Last October, Bloomberg published a blockbuster story claiming that some of the largest tech companies in the world, as well as sensitive US government and military systems, had been attacked through minute hardware implants that had been inserted at a subcontractor facility during the manufacture of servers from the world's leading server company, Supermicro.
The story immediately drew forceful -- and unprecedentedly detailed rebuttals -- from many of the companies involved, creating a mystery that is still being debated: if Bloomberg sourced its story as carefully as it claimed, then how to explain all these detailed rebuttals? And if the rebuttals are to believed, then how to explain the dozens of people from different companies and agencies who would have had to collude to trick Bloomberg's reporters into publishing the story?
Enter Andrew "bunnie" Huang (previously), one of our era's greatest hardware hackers (his book on hardware hacking is one of the best technical books I've ever read, period).
Bunnie presented a 45 minute talk on supply-chain attacks earlier this month at Microsoft's Blue Hat conference in Tel Aviv (he pitched the talk before the Bloomberg story broke, but the timing was indeed fortuitous).
I appreciate that 45-minute blocks of time are few and far between for most of us, but this is 45 minutes well spent. Huang walks through several techniques for sabotaging and compromising hardware, and uses his deep expertise in arranging and overseeing electronics manufacture to describe how you could pull these off in the real world, and what difficulties you'd encounter. In all the discussions of the supply chain hack story, I have never seen anything this comprehensive and nuts-and-bolts about what a supply chain hack actually looks like.

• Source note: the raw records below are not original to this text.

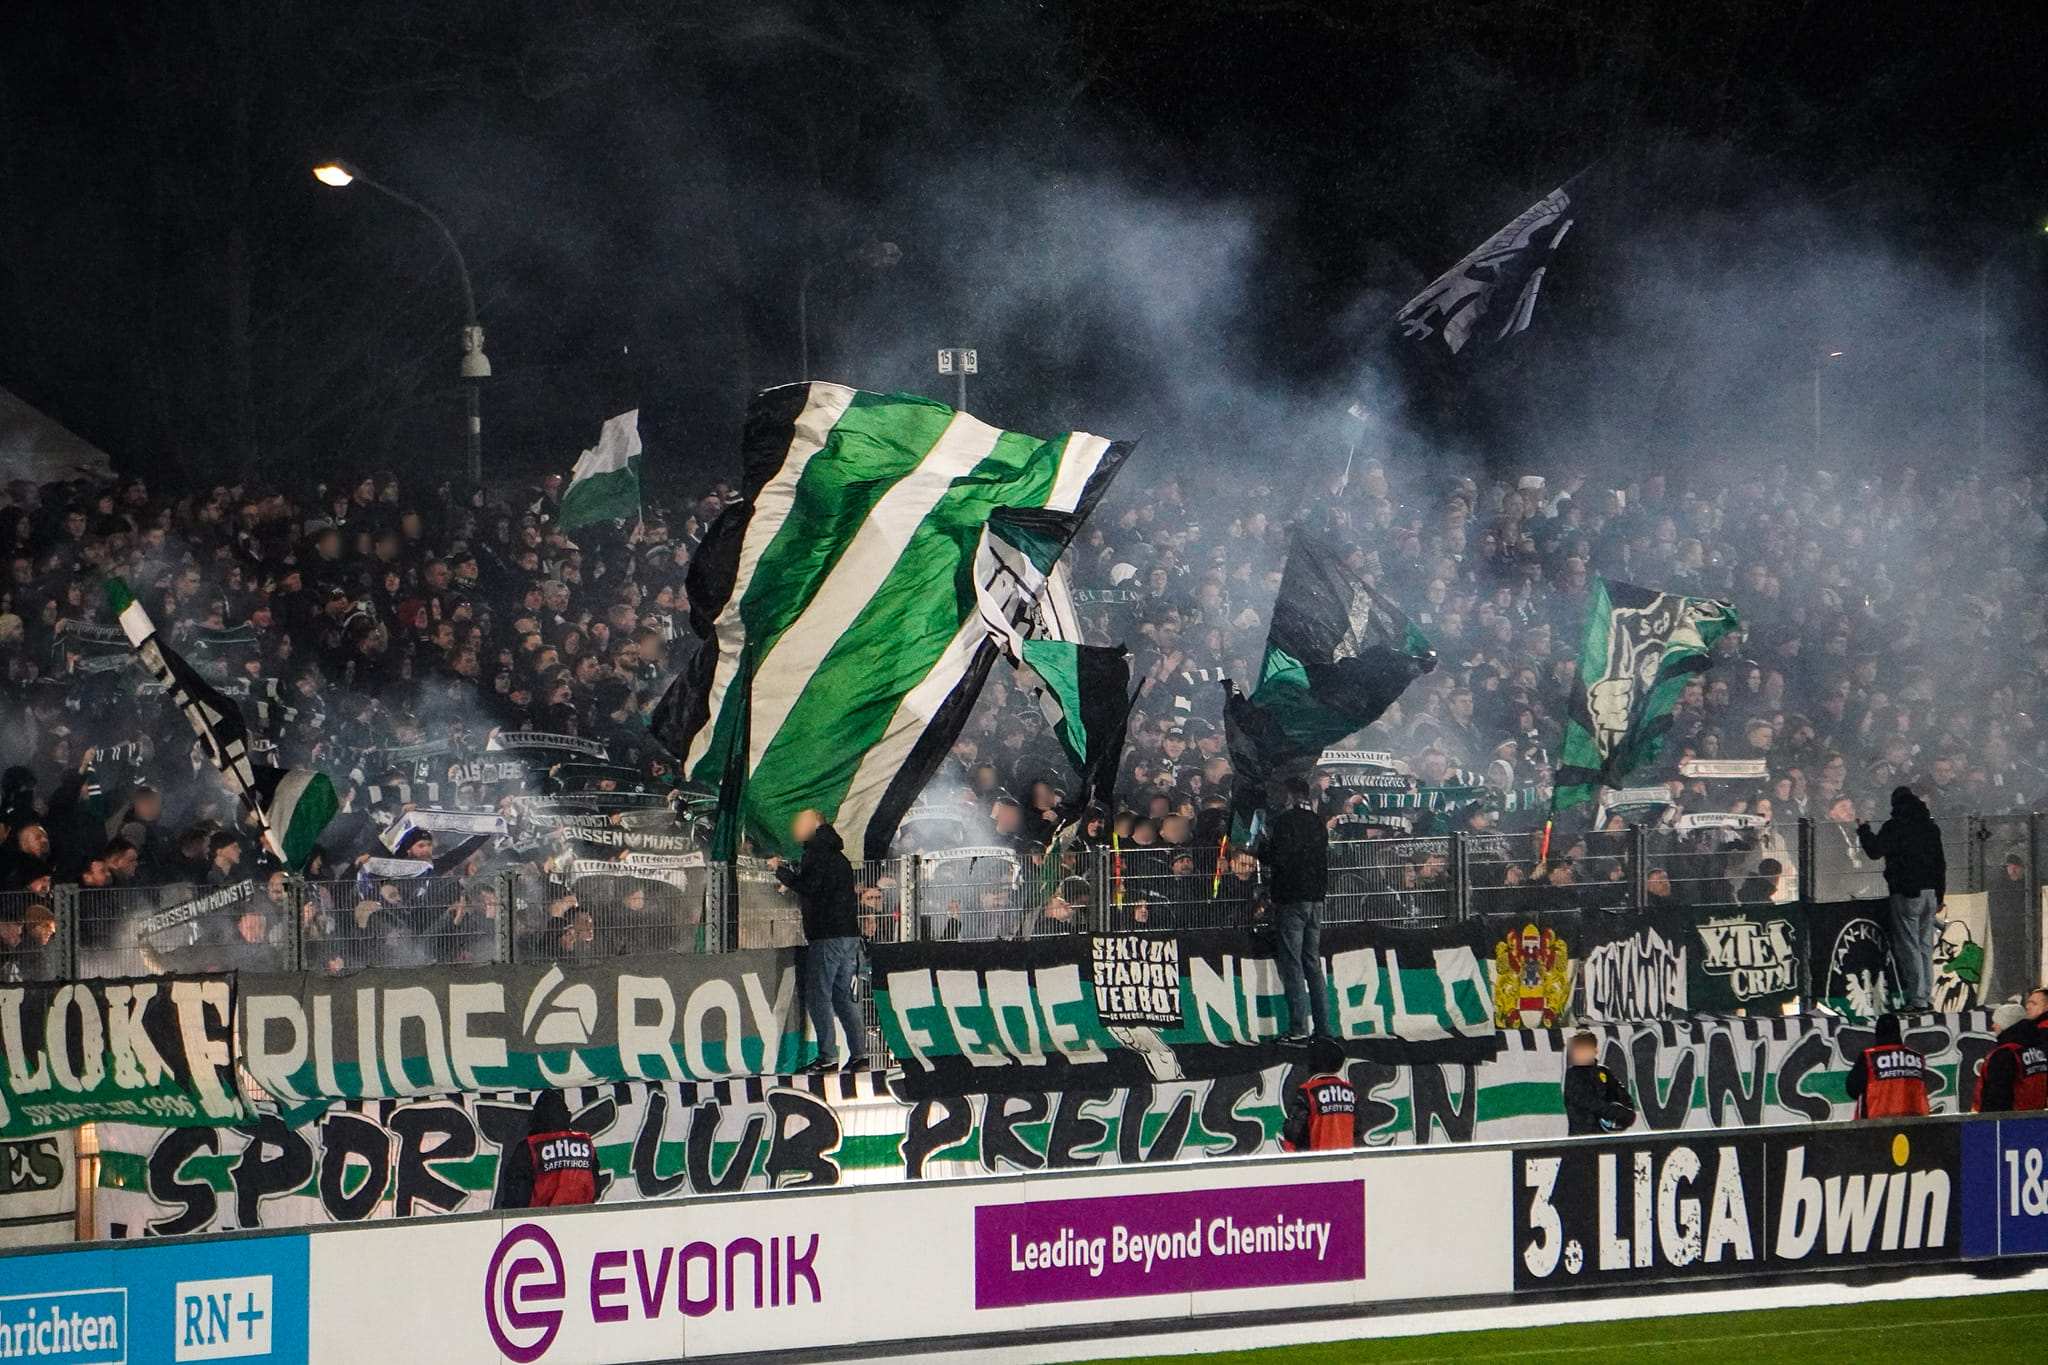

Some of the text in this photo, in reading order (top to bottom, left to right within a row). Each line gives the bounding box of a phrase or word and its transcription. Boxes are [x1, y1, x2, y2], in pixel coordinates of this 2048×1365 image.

[941, 352, 949, 365] 15
[966, 352, 975, 365] 16
[1092, 936, 1178, 962] SEKTION
[1093, 961, 1180, 987] STADION
[1095, 986, 1180, 1014] VERBOT
[1877, 1051, 1922, 1069] atlas
[541, 1140, 589, 1160] atlas
[1775, 1133, 1952, 1260] bwin
[1524, 1146, 1755, 1278] 3. LIGA
[1011, 1215, 1331, 1276] Leading Beyond Chemistry
[590, 1233, 822, 1323] EVONIK
[184, 1292, 264, 1347] RN+

It's a fascinating ride: part spycraft, part chewy logistics, part infosec, and Huang has plenty of "ooh" moments, to say nothing of laugh-lines.
In the end, Huang pronounces judgment on the Bloomberg story, declaring that it fails to pass Occam's Razor for several reasons -- not least that Bloomberg describes these cunning and fiendish implants that are still recognizable as implants, and as Huang demonstrates, there's no reason for implants to be distinguishable from normal electronic component.

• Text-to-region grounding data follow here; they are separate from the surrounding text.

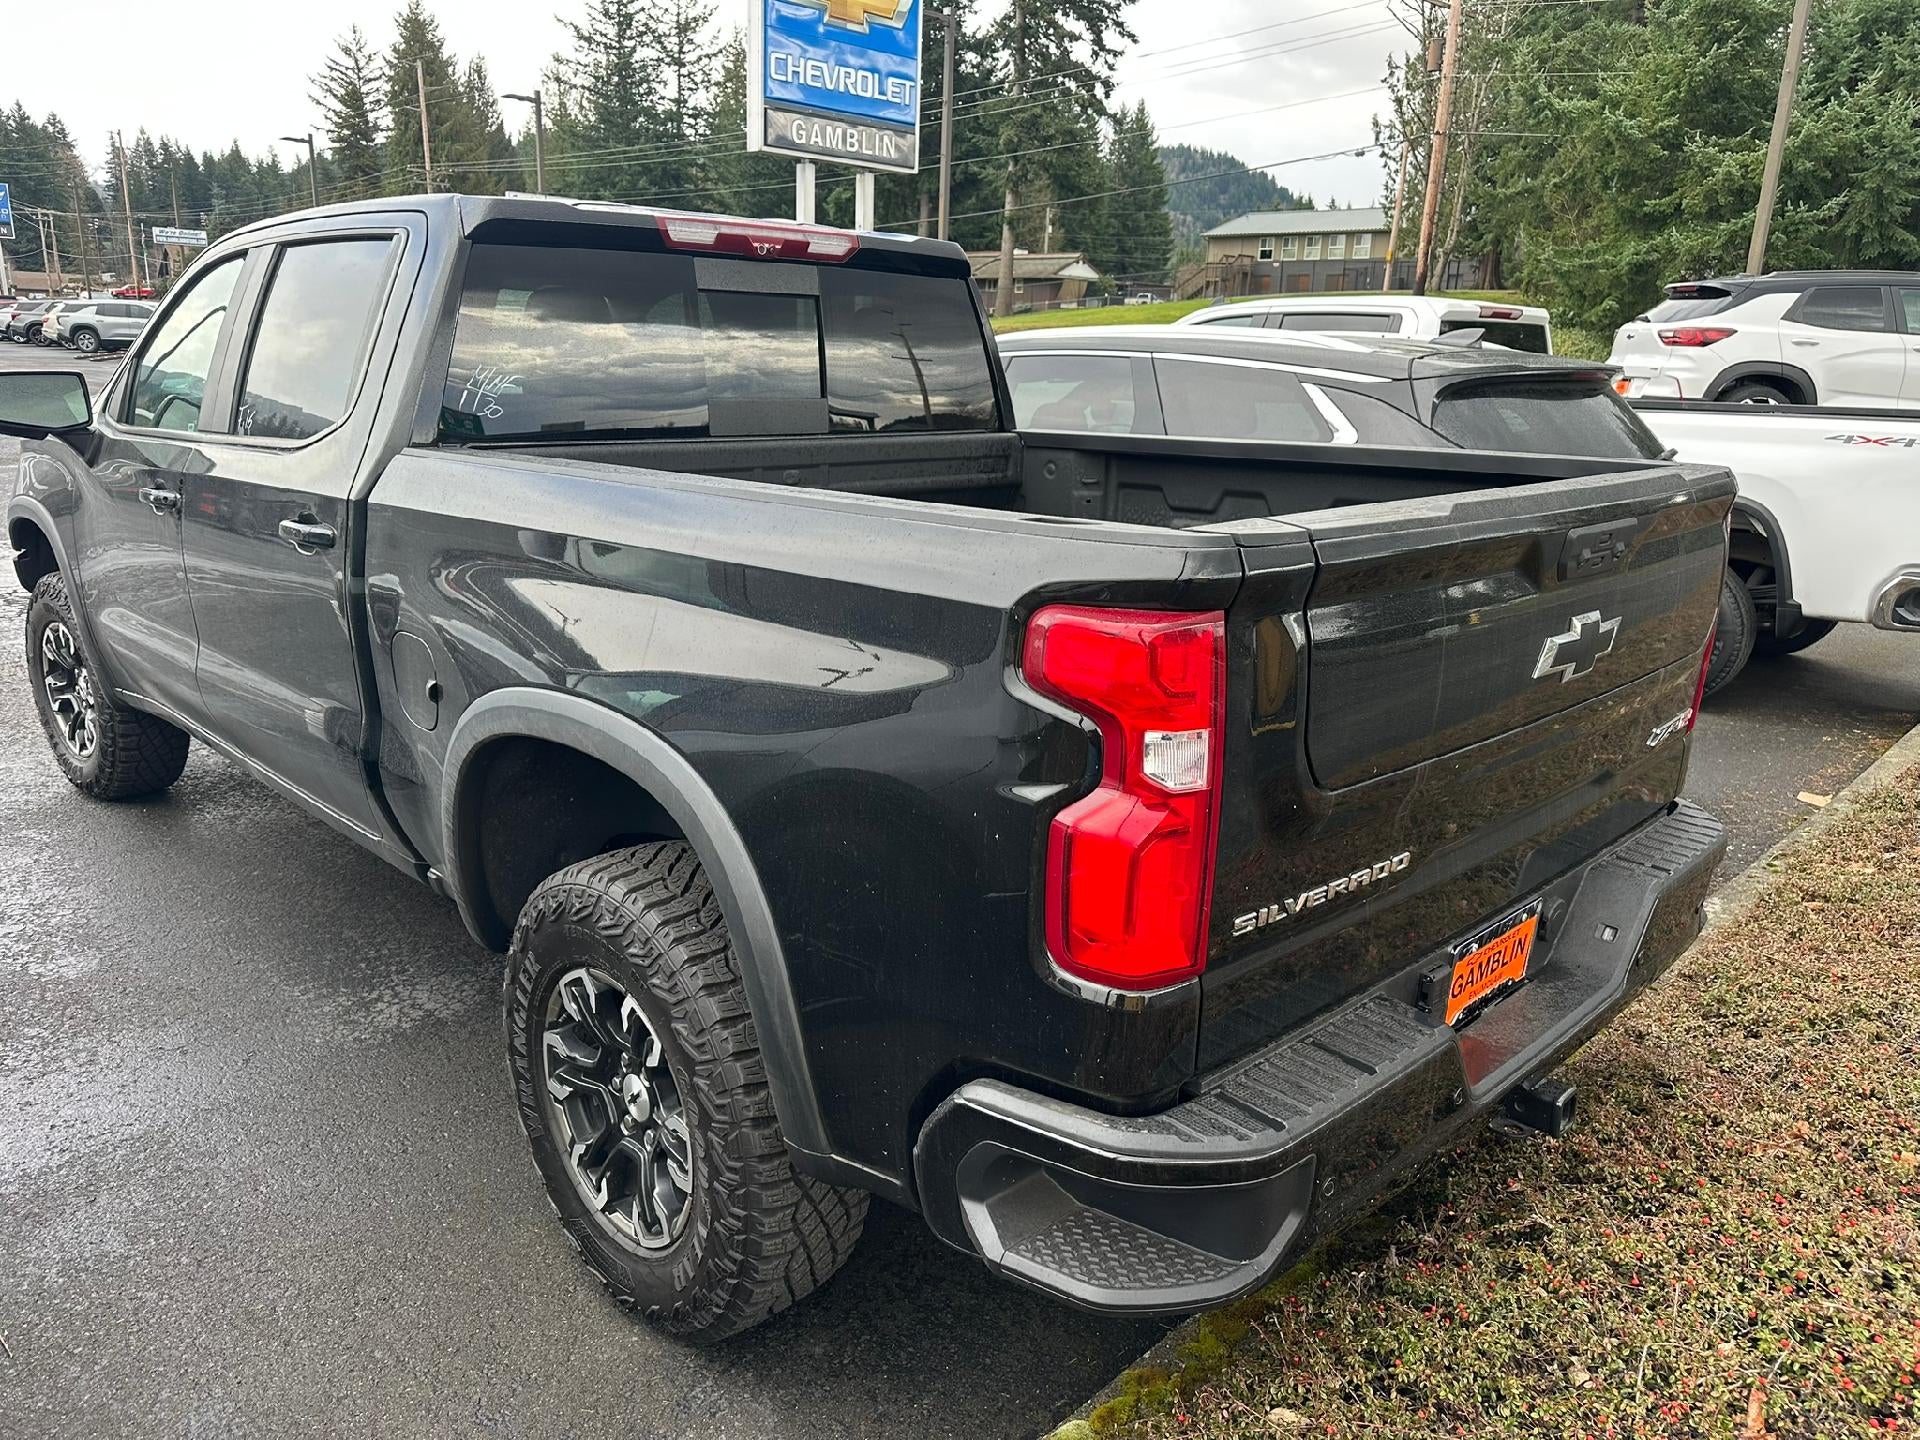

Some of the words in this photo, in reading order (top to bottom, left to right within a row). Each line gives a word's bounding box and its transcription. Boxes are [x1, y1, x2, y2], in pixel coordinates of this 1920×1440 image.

[769, 51, 916, 106] CHEVROLET
[791, 119, 897, 160] GAMBLIN
[1231, 851, 1412, 937] SILVERADO
[1451, 932, 1529, 999] GAMBLIN
[512, 950, 545, 1139] WRANGLER

Having set out many ways in which hardware can be compromised (and usually not for spying, but for economic gain -- that is, to slide counterfeit or recycled parts into the supply-chain), Huang does not describe what kinds of countermeasures might reliably detect these shenanigans -- but he does dangle the possibility that he'll address this in future talks or writing.
The main insight is that transparency or openness of design by itself does little to secure a supply chain, because the entire situation is one huge TOCTOU problem. Checking hardware design files, locking down the assembly line, and Fedexing the product to your office is like hashing and signing your source code, running it through a trusted compiler, and then sending the binary unencrypted over the Internet and trusting it because it was “thoroughly checked”.
The inverse analysis is equally daunting: in software, one may copy each binary into RAM, hash and check its cryptographic signature, and run it only if it checks out. For hardware, there is no equivalent of “hash this instance of hardware and check its cryptographic signature” before use: “hashing” hardware involves taking it apart and inspecting every transistor and wire, which is both impractical and likely to render the hardware non-functional.
Thus while open source hardware does engender some benefits for security (such as disclosing μ-state for Spectre side-channel analysis and ensuring no backdoors due to design oversight), it addresses a separate problem domain from supply chain attacks. While an open source hardware phone is arguably more trustable than a closed source one, open source is necessary but not sufficient for it to be trusted.